Following the abolition of slavery, many African-Americans were kept in varying states of “unfreedom.” (Image: Wikipedia)
Following the abolition of slavery, many African-Americans were kept in varying states of “unfreedom.” (Image: Wikipedia)

Approximately 30 people filled B121 on Thursday, January 22, to watch the documentary Slavery By Another Name as part of the ongoing Slavery, Race, and Civil Rights in the Americas film series. The series, which started with 12 Years a Slave in November, is put on by UFV history professors Ian Rocksborough-Smith and Geoffrey Spurling. This year marks the 50th anniversary of landmark civil rights legislation being passed in the US.

Before the movie began, Rocksborough-Smith and Spurling remarked that, although slavery had been abolished in the US in 1863, there was a high degree of “unfreedom” that kept African-Americans from being truly liberated until well past World War II. Slavery By Another Name — a PBS documentary based on the 2009 Pulitzer Prize-winning book with the same name — shows the ever-changing form of repression that continued to keep African-Americans subordinated in white America well after the Emancipation Proclamation, when slavery was officially “abolished.”
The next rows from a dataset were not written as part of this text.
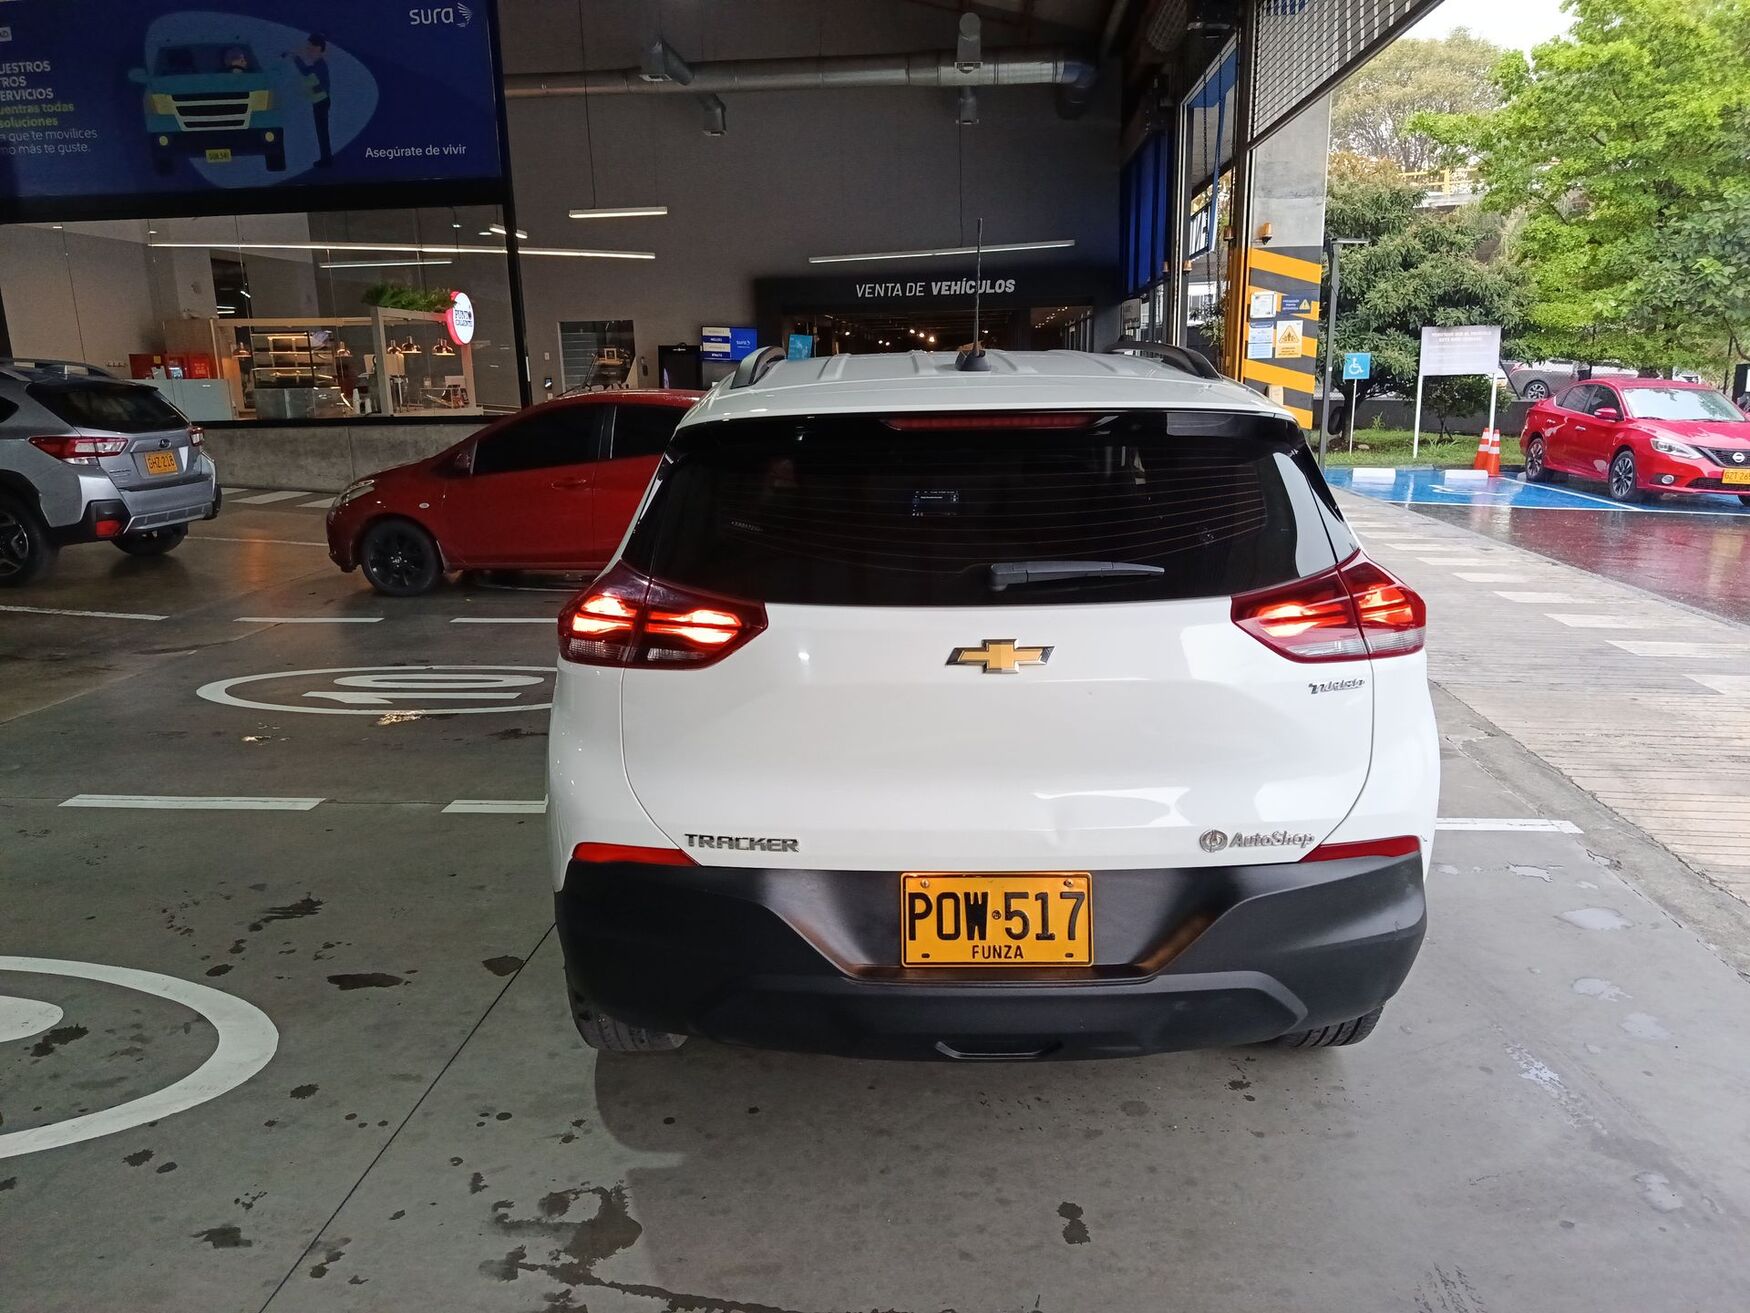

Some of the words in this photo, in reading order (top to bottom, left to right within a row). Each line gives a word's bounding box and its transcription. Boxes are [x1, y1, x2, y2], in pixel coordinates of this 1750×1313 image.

[409, 8, 454, 25] sura
[8, 132, 30, 142] que
[32, 131, 43, 140] te
[45, 128, 98, 139] movilices
[44, 144, 55, 153] te
[365, 147, 423, 159] Asegúrate
[425, 145, 440, 155] de
[442, 144, 467, 155] vivir
[856, 283, 902, 297] VENTA
[906, 282, 926, 296] DE
[931, 278, 1016, 295] VEHÍCULOS
[684, 833, 799, 852] TRACKER
[1229, 831, 1315, 848] AutoShop
[972, 944, 1024, 959] FUNZA
The aristocracy of the Deep South — one of the wealthiest in the world before the American Civil War — would not easily let go of the resource of forced human labour with which they built their wealth. After 1874, new laws in the southern states made it very easy to arrest African-Americans on a whim. So while the country in theory “abolished slavery,” in reality it remained epidemic. Once arrested, convicts could be leased to mines and cotton fields for as little as $9 a month. Given the persecution and forced labour, convict leasing was precisely the kind of unfreedom African-Americans experienced as slaves. Repression remained unchecked until the Second World War, when President Roosevelt was pushed to find ways to unify the nation.

Parallels to contemporary forms of repression were drawn in the discussion following the documentary. The racialized population in the prison system; wage disparity; the position of Aboriginal Peoples in Canada; the temporary foreign worker system: unfreedom, in its many forms, is still perverse in our society. Though Rocksborough-Smith expected the discussion to include links to our time and place, he was surprised at how close to home the issue of unfreedom is.

“The connections people made to migrant labour issues was really interesting,” he noted. “I wasn’t expecting that. Clearly there’s a currency for this kind of subject matter with local issues, like farm labour in the Fraser Valley. I found that really interesting.”

The Slavery, Race, and Civil Rights in the Americas film series continues this semester, with Brazil in Black and White screening February 26, and The Black Power Mixtape on March 19; both screenings will start at 3 p.m. in B121.